_WHAT YOU HAVE TO DO_
Skip the pictures, and retype the data below in full, exactly.

GIVEN RECORDS below:

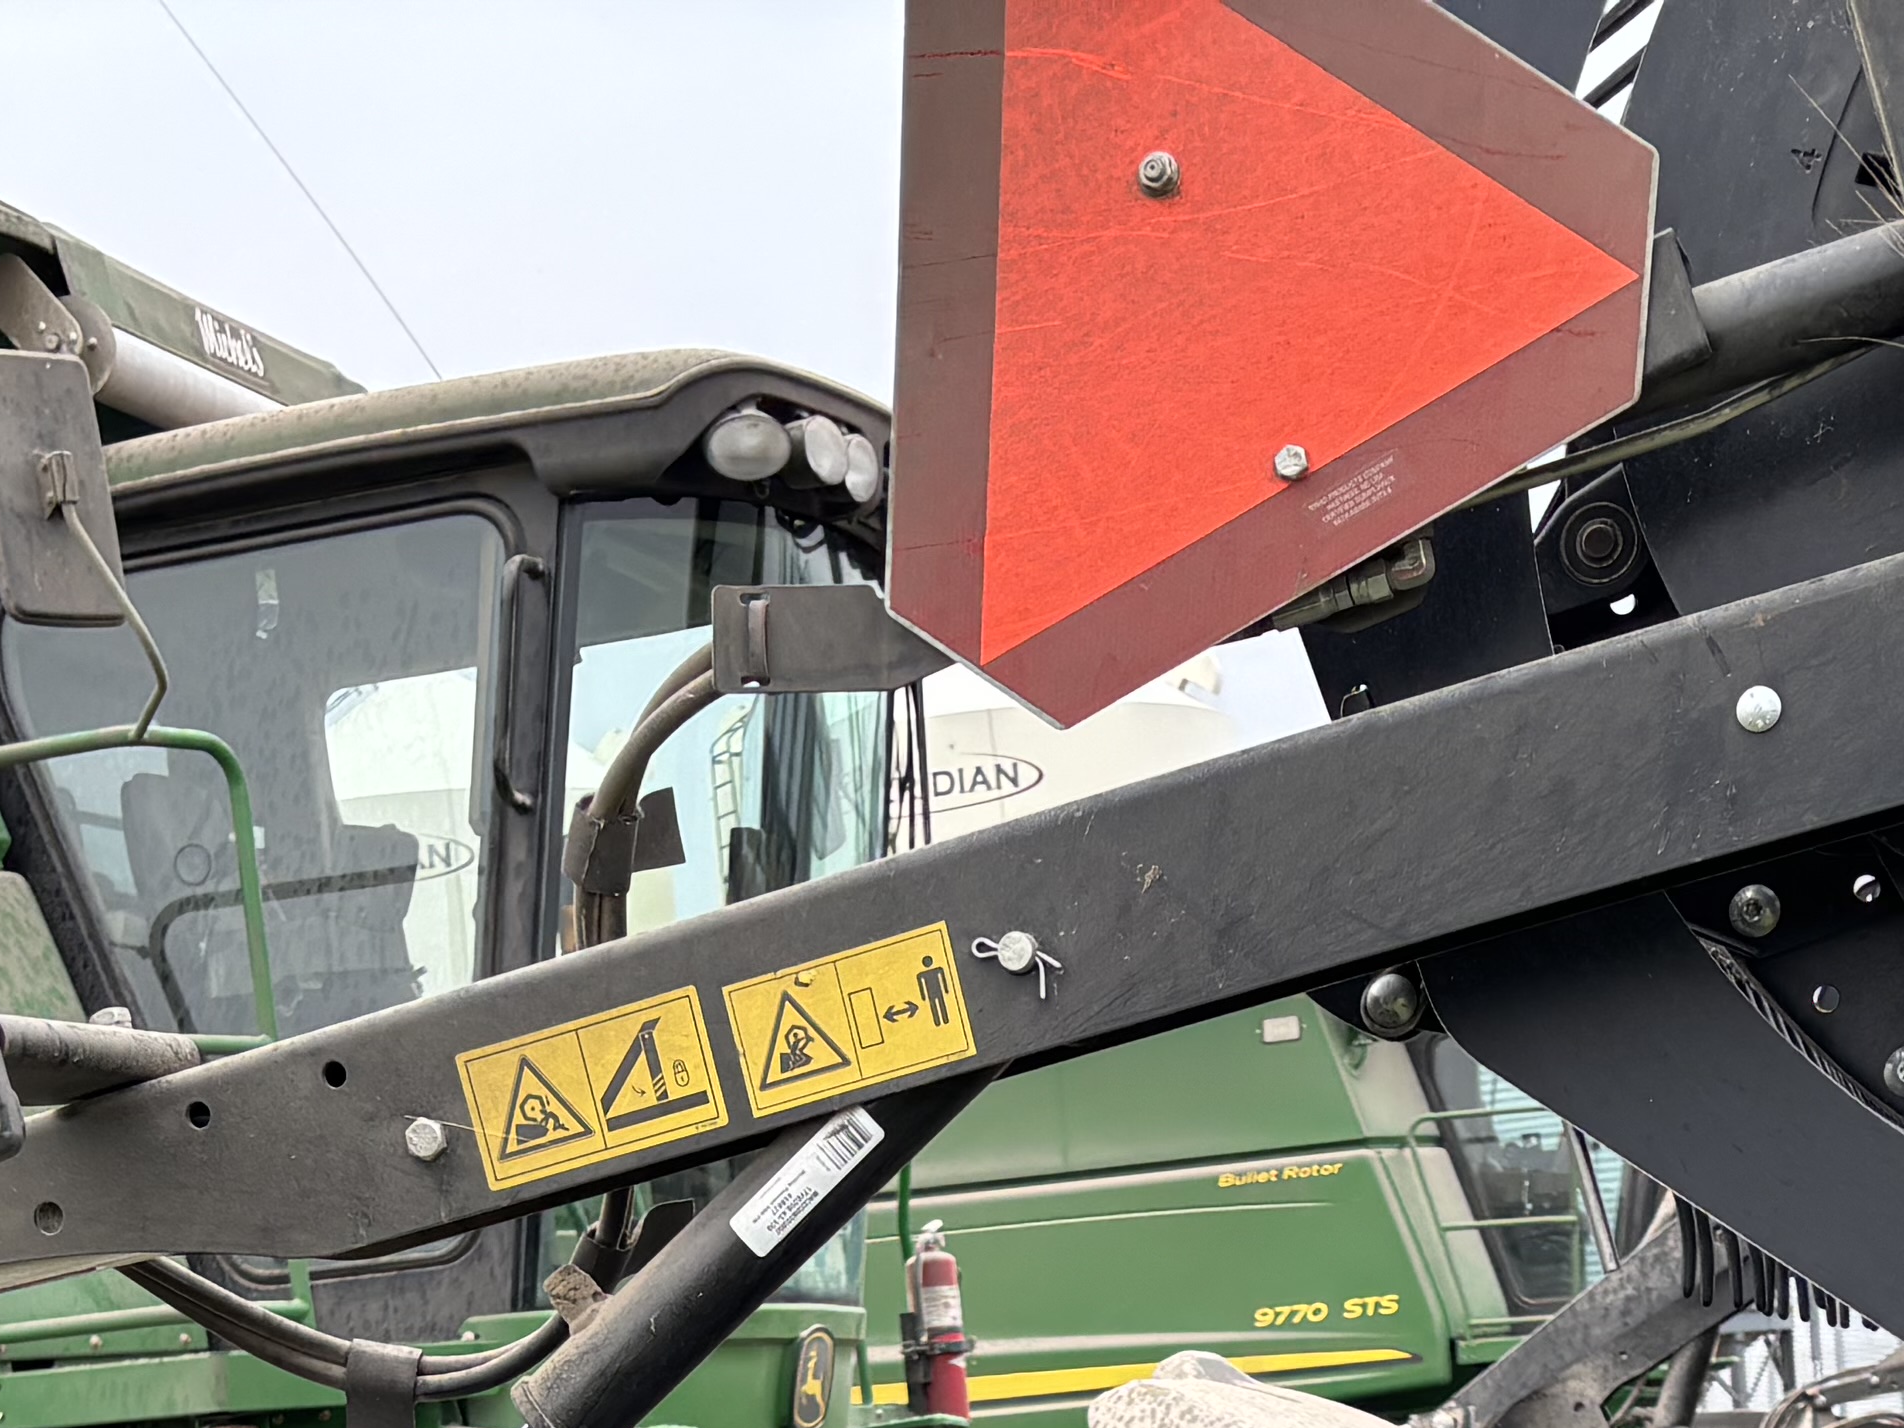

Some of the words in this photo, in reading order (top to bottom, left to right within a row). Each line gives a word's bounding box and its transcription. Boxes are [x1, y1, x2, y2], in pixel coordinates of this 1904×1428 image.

[1217, 1170, 1278, 1187] Bullet
[1282, 1163, 1343, 1180] Rotor
[1253, 1302, 1329, 1328] 9770
[1342, 1294, 1400, 1319] STS
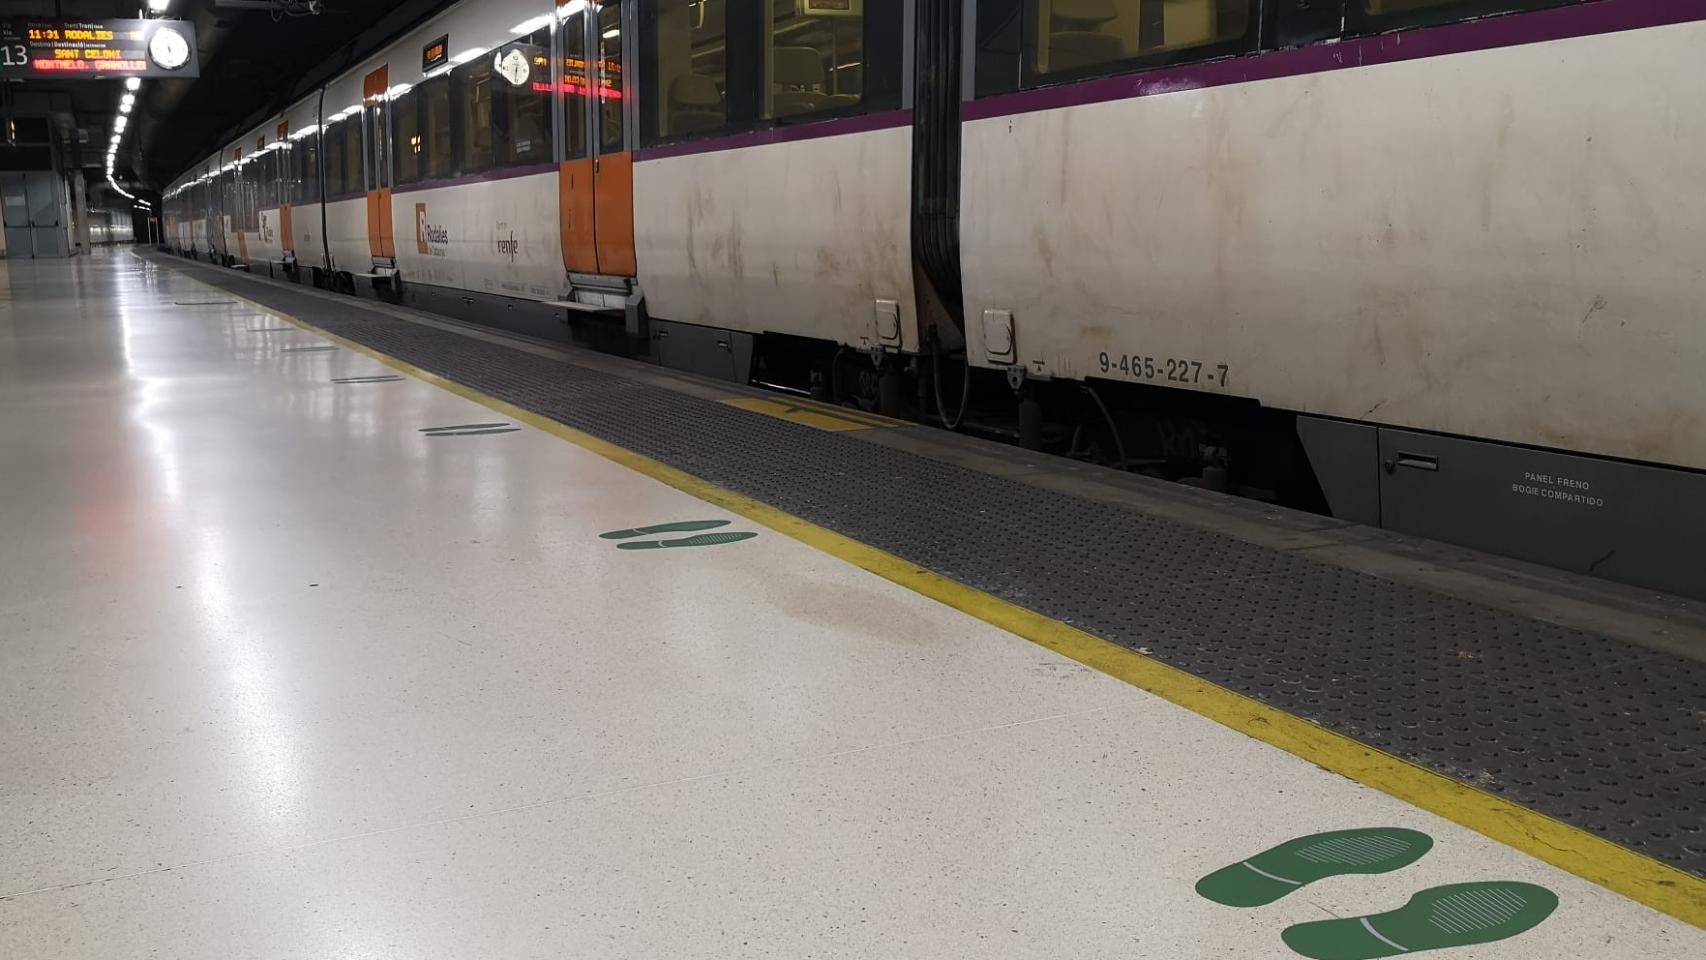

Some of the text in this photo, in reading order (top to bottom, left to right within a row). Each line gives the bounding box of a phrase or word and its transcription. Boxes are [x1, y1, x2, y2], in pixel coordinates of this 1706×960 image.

[28, 30, 60, 39] 11:31
[64, 30, 114, 40] RODALIES
[0, 45, 28, 66] 13
[54, 49, 121, 59] SANT CELONI
[427, 224, 448, 244] Rodalies
[497, 230, 519, 263] renfe
[1099, 351, 1229, 388] 9-465-227-7
[1525, 472, 1589, 490] PANEL FRENO
[1512, 484, 1603, 506] BOGIE COMPARTIDO

End of GIVEN RECORDS.

_ANSWER TO THIS PROBLEM_
Some of the words in this photo, in reading order (top to bottom, left to right within a row). Each line gives a word's bounding box and its transcription. Boxes are [x1, y1, x2, y2], in pixel coordinates of this 1904×1428 image.

[1217, 1170, 1278, 1187] Bullet
[1282, 1163, 1343, 1180] Rotor
[1253, 1302, 1329, 1328] 9770
[1342, 1294, 1400, 1319] STS

Some of the text in this photo, in reading order (top to bottom, left to right within a row). Each line gives the bounding box of a phrase or word and its transcription. Boxes are [x1, y1, x2, y2], in pixel coordinates of this 1706×960 image.

[28, 30, 60, 39] 11:31
[64, 30, 114, 40] RODALIES
[0, 45, 28, 66] 13
[54, 49, 121, 59] SANT CELONI
[427, 224, 448, 244] Rodalies
[497, 230, 519, 263] renfe
[1099, 351, 1229, 388] 9-465-227-7
[1525, 472, 1589, 490] PANEL FRENO
[1512, 484, 1603, 506] BOGIE COMPARTIDO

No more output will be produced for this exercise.